The district has a core program or “school within a school” for eighth-graders that attempts to ease the transition to high school. The program gives eighth-graders their own set of teachers and restricts them to a separate section of campus.

Michael Newcomb, principal of La Pluma Elementary School in La Mirada, said: “Children (at that age) need an opportunity to dig in before being hit with all of society’s ills. (They) are children one moment, adults the next.”

Among the advantages middle schools would offer students is the chance to develop interests, for example, in crafts, performing arts or fine art, said Marilyn Smith, principal of Hargitt Elementary School in Norwalk.

Not everyone thinks middle schools are the best course for the district to take, especially if it means converting some elementary schools to middle schools. Preliminary plans feature conversion as a way to cut costs, Deputy Supt. Howard Rainey said.

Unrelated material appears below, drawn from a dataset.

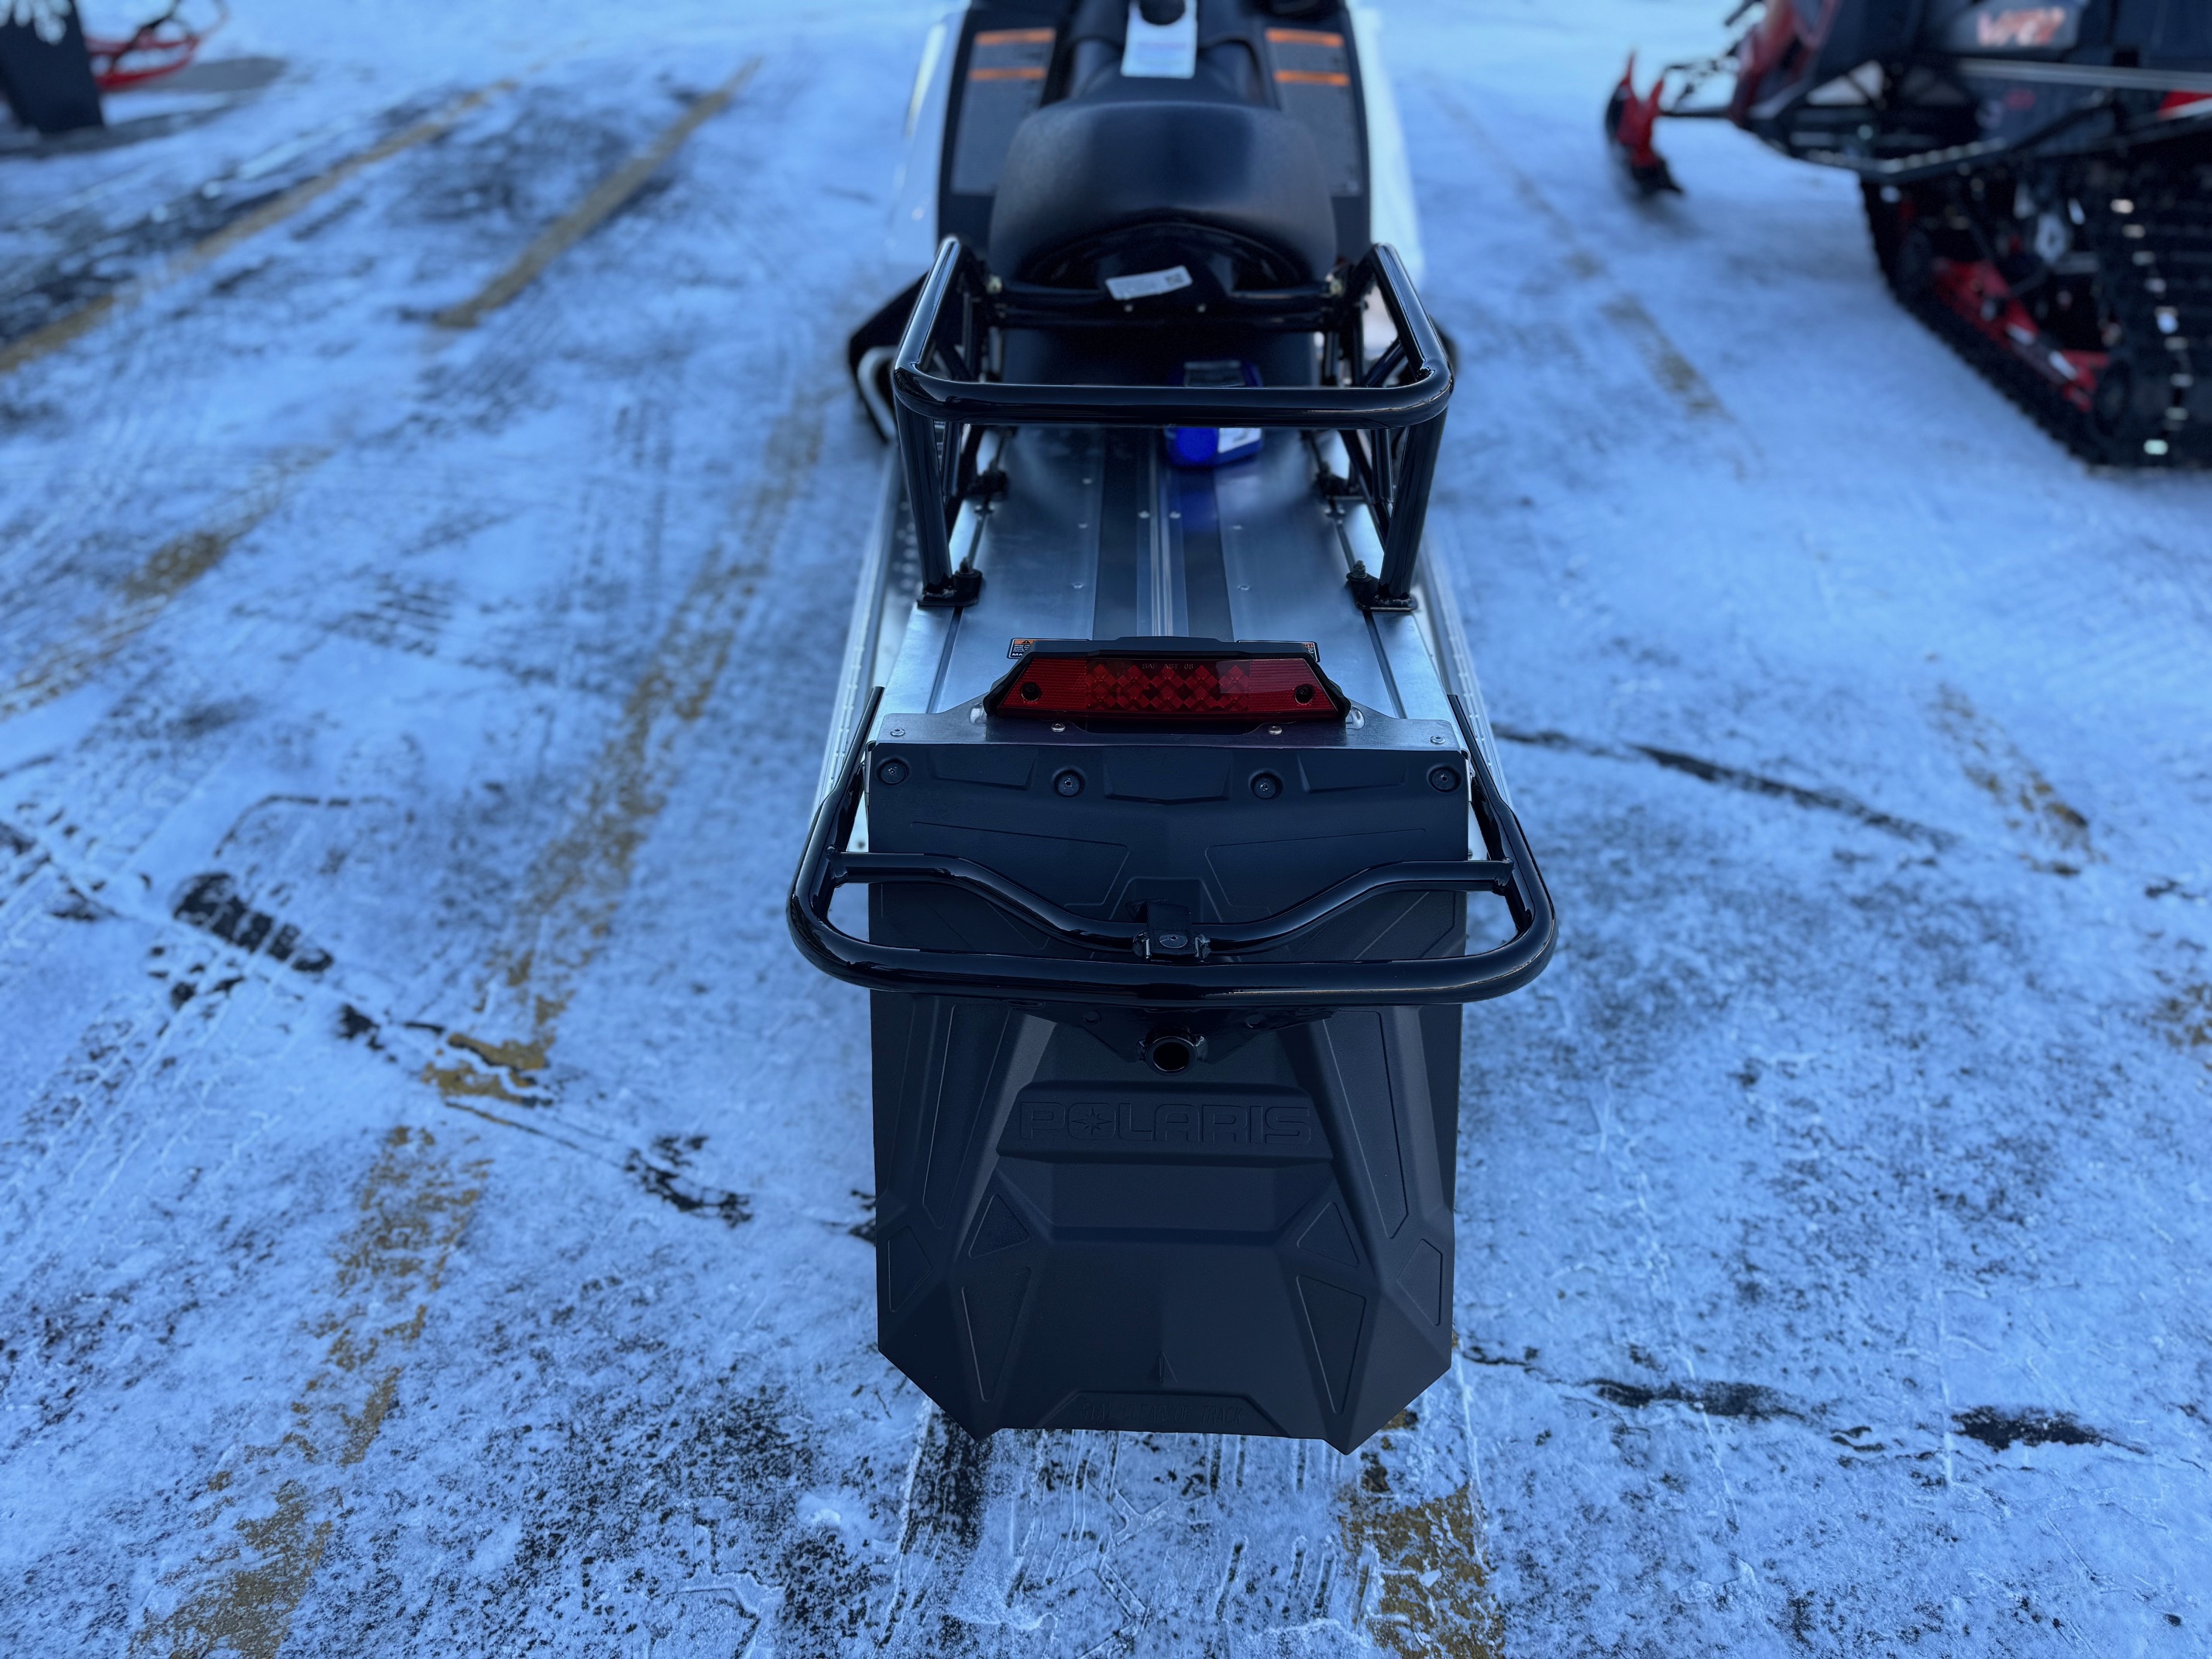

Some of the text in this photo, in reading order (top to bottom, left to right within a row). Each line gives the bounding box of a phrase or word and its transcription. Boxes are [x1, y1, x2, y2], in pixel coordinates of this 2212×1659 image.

[1019, 1101, 1311, 1145] POLARIS
[1081, 1402, 1245, 1426] STAY CLEAR OF TRACK

Many parents of grade-schoolers said they support a program of middle schools but object to plans that would require their children to leave their local elementary schools and be bused to other sites in the district.

Residents living near grade schools also may not want them to be converted, said Shirley Bogdanoff, a La Mirada mother. Bogdanoff, who lives opposite Dulles Elementary School, said she might worry if 11-, 12- and 13-year-olds were coming into her residential neighborhood, for fear they might cause trouble.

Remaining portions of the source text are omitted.